If you have ever emailed an iPhone photo and the other person could not open it, you have met HEIC. Apple adopted it because it stores photos at roughly half the size of JPG at the same quality — great for your phone's storage. The problem is compatibility: Windows photo apps, many web upload forms, older devices, and plenty of editing software still cannot read HEIC. Converting to JPG fixes all of that at once, and you can do it without uploading the photo to anyone.
What HEIC is and why it trips people up
HEIC (High Efficiency Image Container) is Apple's wrapper around the HEVC codec. It is efficient, but it is not universally supported the way JPG is. JPG has been the lingua franca of digital photos for decades, so converting to it removes the friction entirely — the resulting file opens in Windows Photos, Paint, Word, every browser, and every upload box.
Step by step: convert in your browser
Open HEIC to JPG. The conversion runs on your device — the photo is not uploaded.
- Open the tool in any modern browser (Chrome, Edge, Firefox, Safari).
- Drop in your HEIC files. Drag one or many
.HEICfiles onto the page, or choose them. - Let it decode. Each photo is decoded and re-saved as JPG locally — no upload, no waiting on a server.
- Download the JPGs. Save them, and they now open anywhere.
On Windows
You do not need Microsoft's paid "HEVC Video Extensions" or any install. Open the tool, drop the files, and you get JPGs that Windows handles natively. This is the simplest fix for the "Windows won't open my iPhone photos" problem.
On Mac
Preview can export HEIC one at a time, but the browser tool is faster for a batch and keeps everything in one place. Drop several photos and download them all as JPG.
JPG or PNG — which should you pick?
For photos, choose JPG: it is smaller and supported everywhere. Choose HEIC to PNG only if you specifically need a lossless copy or transparency, neither of which a normal photo has. If you later need the JPG under a size limit (for an upload form, say), run it through the compressor — also in your browser.
A note on quality and file size
Because HEIC is so efficient, the JPG version of the same photo is usually a little larger. That is normal and the quality difference is invisible in everyday use. If file size matters, compress the JPG afterwards rather than over-compressing during conversion.
Why "without uploading" matters here
The photos people convert are almost always personal — family pictures, screenshots, documents — and iPhone photos frequently carry GPS location data. A browser-side converter decodes and re-saves the image on your own machine, so there is no server copy to worry about. Want to remove the embedded location and camera data too? Run the JPG through Remove Metadata afterwards.

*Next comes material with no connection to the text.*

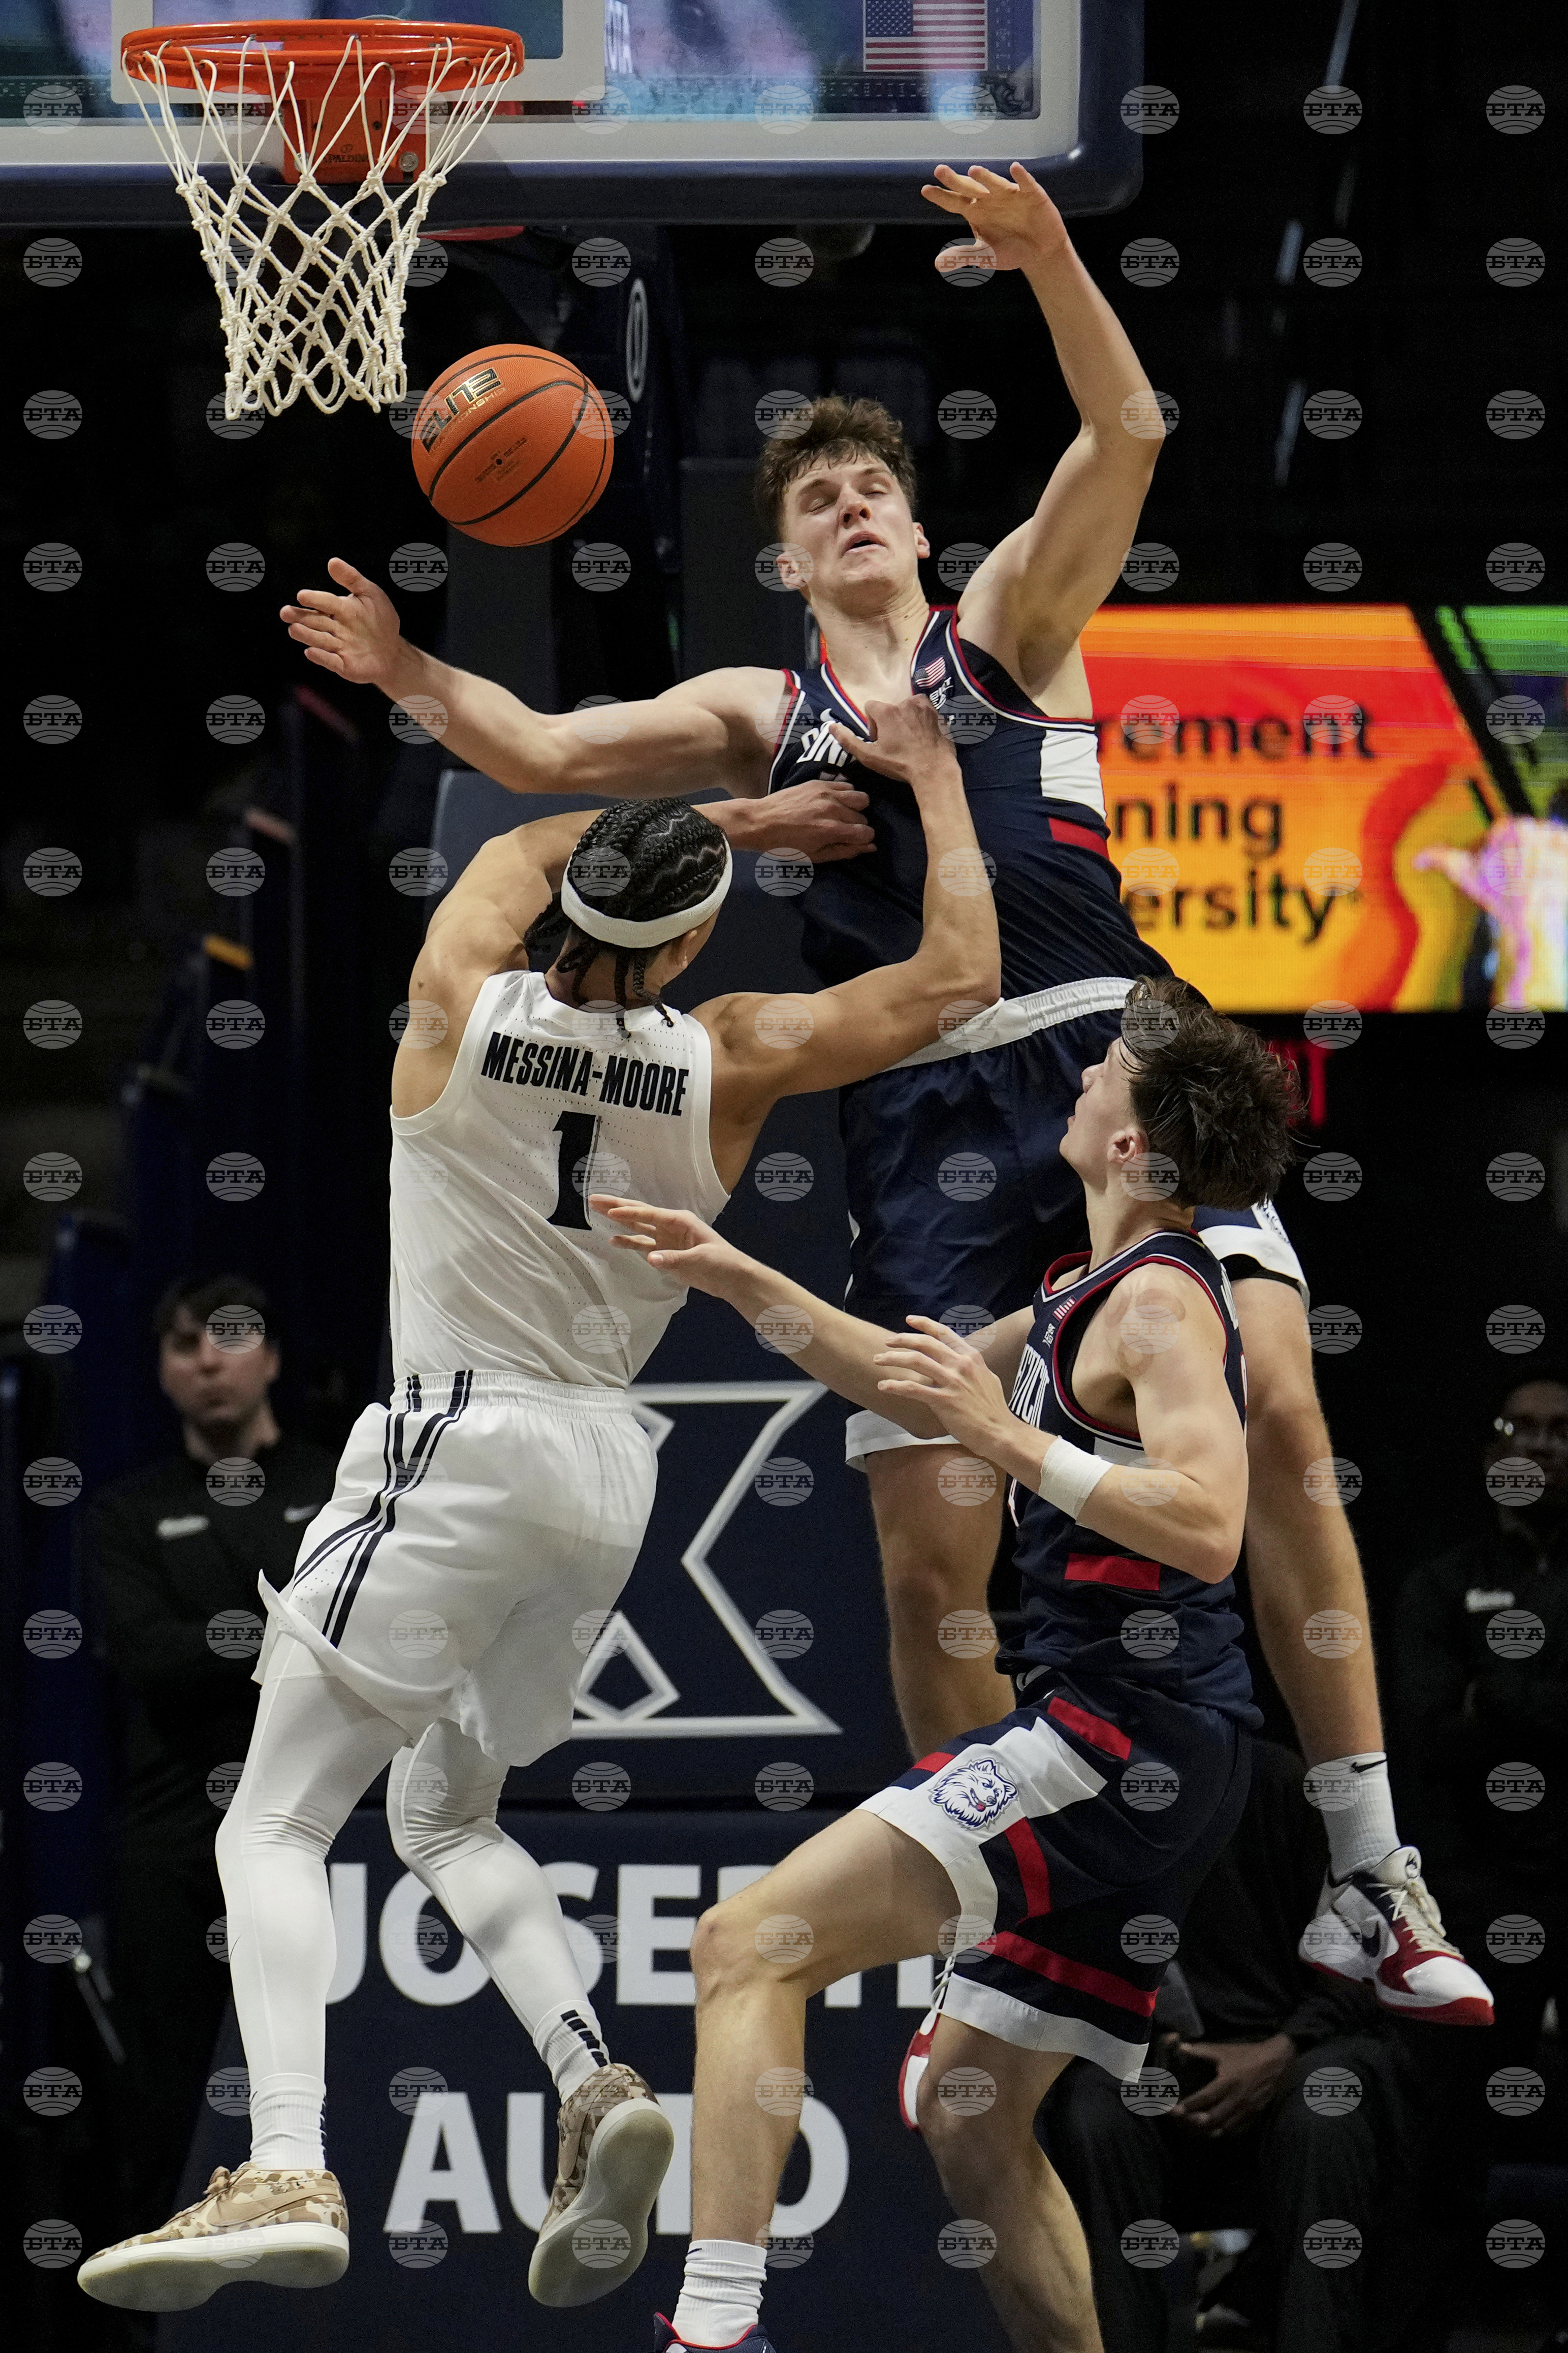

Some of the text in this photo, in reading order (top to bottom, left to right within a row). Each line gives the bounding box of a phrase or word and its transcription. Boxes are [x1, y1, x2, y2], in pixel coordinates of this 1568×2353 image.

Use the tool: HEIC to JPG — free, runs in your browser where supported, no file is uploaded to a server.
Frequently asked questions
Do I need to install anything to open HEIC on Windows?
No. A browser-based converter turns the HEIC into a JPG that Windows opens natively, so you avoid the paid HEIF extension and any software install.
Will converting HEIC to JPG lose quality?
There is a small, usually invisible quality change because JPG is lossy, and the JPG is often slightly larger than the HEIC for the same photo. For everyday use the difference is not noticeable.
Is my photo uploaded when I convert it?
No. The conversion runs in your browser on your own device, so the photo is never sent to a server. You can verify by going offline after the page loads.
Can I convert many HEIC photos at once?
Yes. Drag multiple HEIC files into the converter and download them all as JPG; each one is processed locally in your browser.